New bar-code symbology undergoes testing
Staff -- Logistics Management, 8/1/2001
The Uniform Code Council (UCC) has begun promoting a new type of bar code that compresses more data into a symbol than was previously possible. The group has been conducting tests with grocery and pharmaceutical companies on the new Reduced Space Symbology (RSS), which was designed to let manufacturers embed information that goes well beyond the traditional product and manufacturer identification into a bar code.
Based in Princeton, N.J., the UCC assigns bar-code identifiers to individual products, which allows retailers and grocers to collect information on what products are being sold at store checkout counters. Several years back, the council teamed up with another international standards organization, EAN, to develop the RSS system for applications where space limitations were a concern. At the moment, there are seven variations of the RSS symbology, says Stephen Halliday, a vice president of technology at the Pittsburgh-based automatic-identification industry organization AIM, who is familiar with the code. The basic version RSS-14 is a linear symbol that can hold 14 digits of information. The expanded stack version, which has a two-dimensional (2-D) code in the middle of the symbol, can convey 34 digits of information. (Linear bar codes encode data on one axis, while 2-D codes encode information within a field.) Besides the RSS symbologies, the bar-code industry has also developed data-compression languages for two-dimensional codes called composite symbols.
Although AIM published a standard for RSS codes in 1999, the UCC and bar-code equipment makers have only recently begun working with companies to implement the new symbology. The UCC has overseen two tests to date. One of those involved Alcon Labs of Fort Worth, Texas, which used the RSS code to mark unit doses of items delivered to hospitals. "This test was very successful," reports Frank Sharkey, a senior project manager at the UCC.

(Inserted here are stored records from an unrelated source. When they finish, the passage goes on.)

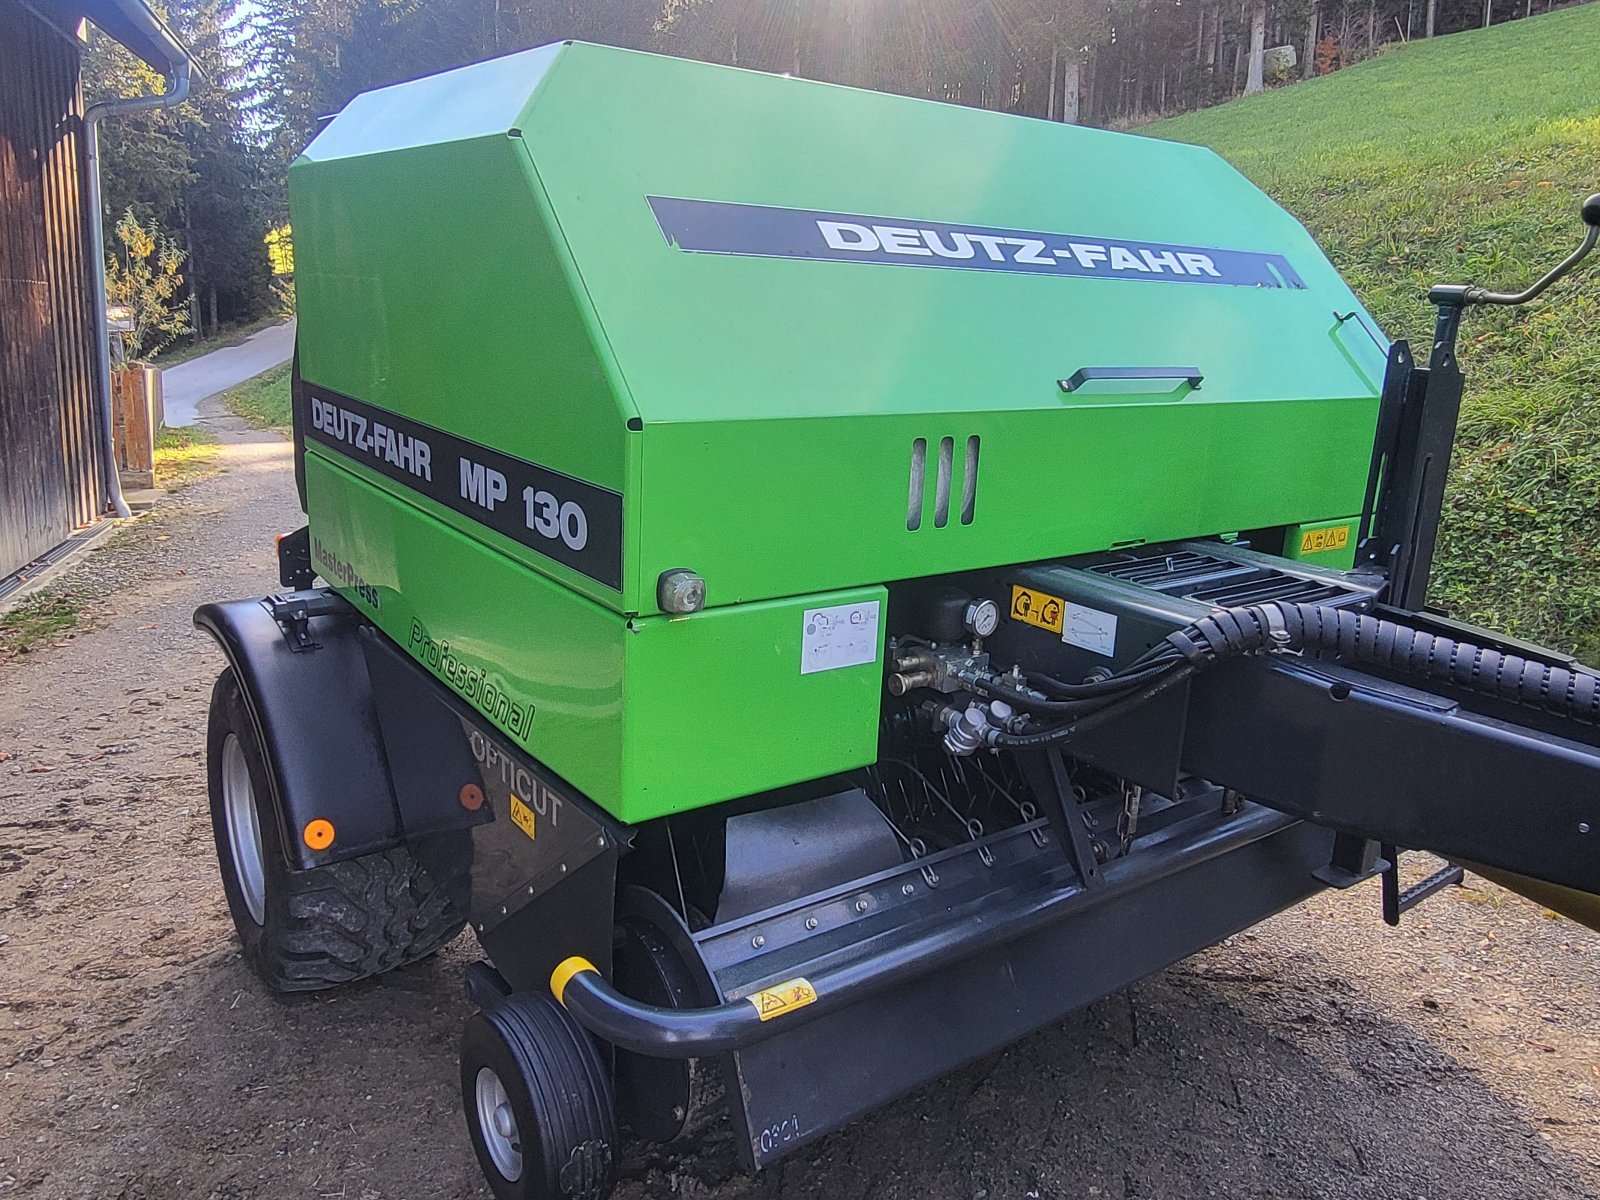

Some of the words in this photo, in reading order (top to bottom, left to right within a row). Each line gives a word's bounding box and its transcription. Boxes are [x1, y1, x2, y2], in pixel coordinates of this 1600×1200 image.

[816, 220, 1222, 277] DEUTZ-FAHR
[311, 397, 432, 482] DEUTZ-FAHR
[460, 456, 508, 512] MP
[522, 486, 588, 551] 130
[314, 536, 379, 610] MasterPress
[408, 616, 536, 742] Professional
[470, 731, 563, 828] OPTICUT

The UCC is also currently analyzing the results of a test by a Midwestern grocer, which used the smaller-sized RSS codes to mark produce and meat. Dorothy Lane Markets in Dayton, Ohio, has installed special scanners from NCR Corp. in some of its supermarkets to read RSS codes. Craig Maddox, a product line director at Dayton, Ohio-based NCR Corp., says his company modified the underlying software in its Model 7075 scanner so the device could read the RSS symbols. "We did citrus, apples, and grapes as well as all the meat in the test," says Maddox. "It gives the supermarket the ability to know what's sold when. It's great information for [managing] your supply chain."
Maddox says RSS codes will allow grocers to scan fresh food at the checkout counter just the way they scan boxed and canned items now. "From a consumer product safety point of view, it's fantastic," he adds. "If you get a bad crate of produce, you can track it down immediately. You will even be able to track meat to the exact cow it came from."

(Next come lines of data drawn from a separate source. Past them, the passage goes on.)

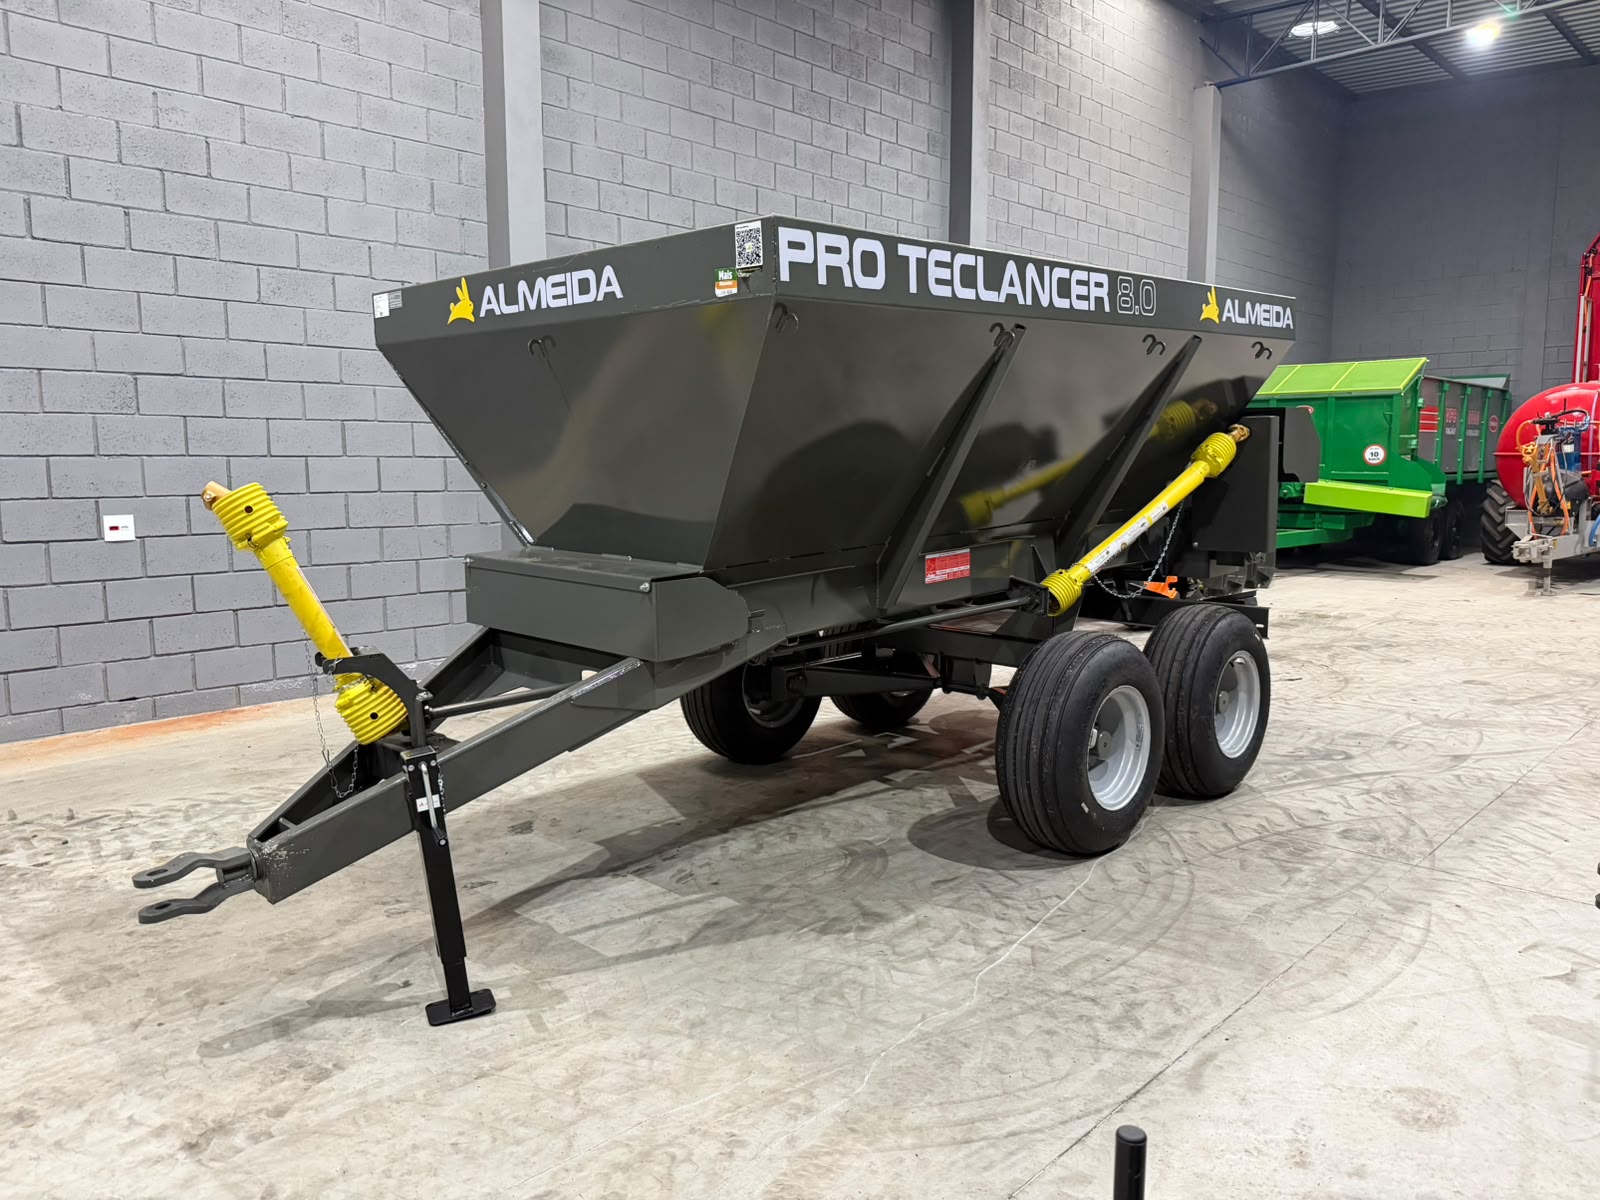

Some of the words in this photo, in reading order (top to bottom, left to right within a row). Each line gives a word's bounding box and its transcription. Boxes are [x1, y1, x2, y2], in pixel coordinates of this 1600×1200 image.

[479, 264, 624, 318] ALMEIDA
[777, 226, 886, 290] PRO
[897, 243, 1110, 313] TECLANCER
[1117, 275, 1157, 317] 8.0
[1221, 298, 1294, 330] ALMEIDA

In addition to their use in item identification, the newer compact symbols will also be deployed in logistics applications. UCC's Sharkey reports that his organization plans to test a composite symbol that will function as an advance shipment notice in the months ahead.

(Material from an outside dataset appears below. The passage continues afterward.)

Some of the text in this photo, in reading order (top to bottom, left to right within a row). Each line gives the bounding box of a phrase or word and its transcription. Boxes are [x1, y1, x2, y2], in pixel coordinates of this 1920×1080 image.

Meanwhile, bar-code equipment manufacturers have started marketing scanners capable of reading RSS and composite codes. Symbol Technologies Inc. of Holtsville, N.Y., and PSC Inc. of Portland, Ore., both unveiled new scanners for this purpose at a recent trade show. A representative for Handheld Products in Skaneateles Falls, N.Y., an affiliate of Welch Allyn, says its Model 4410 scanner can also read some RSS codes.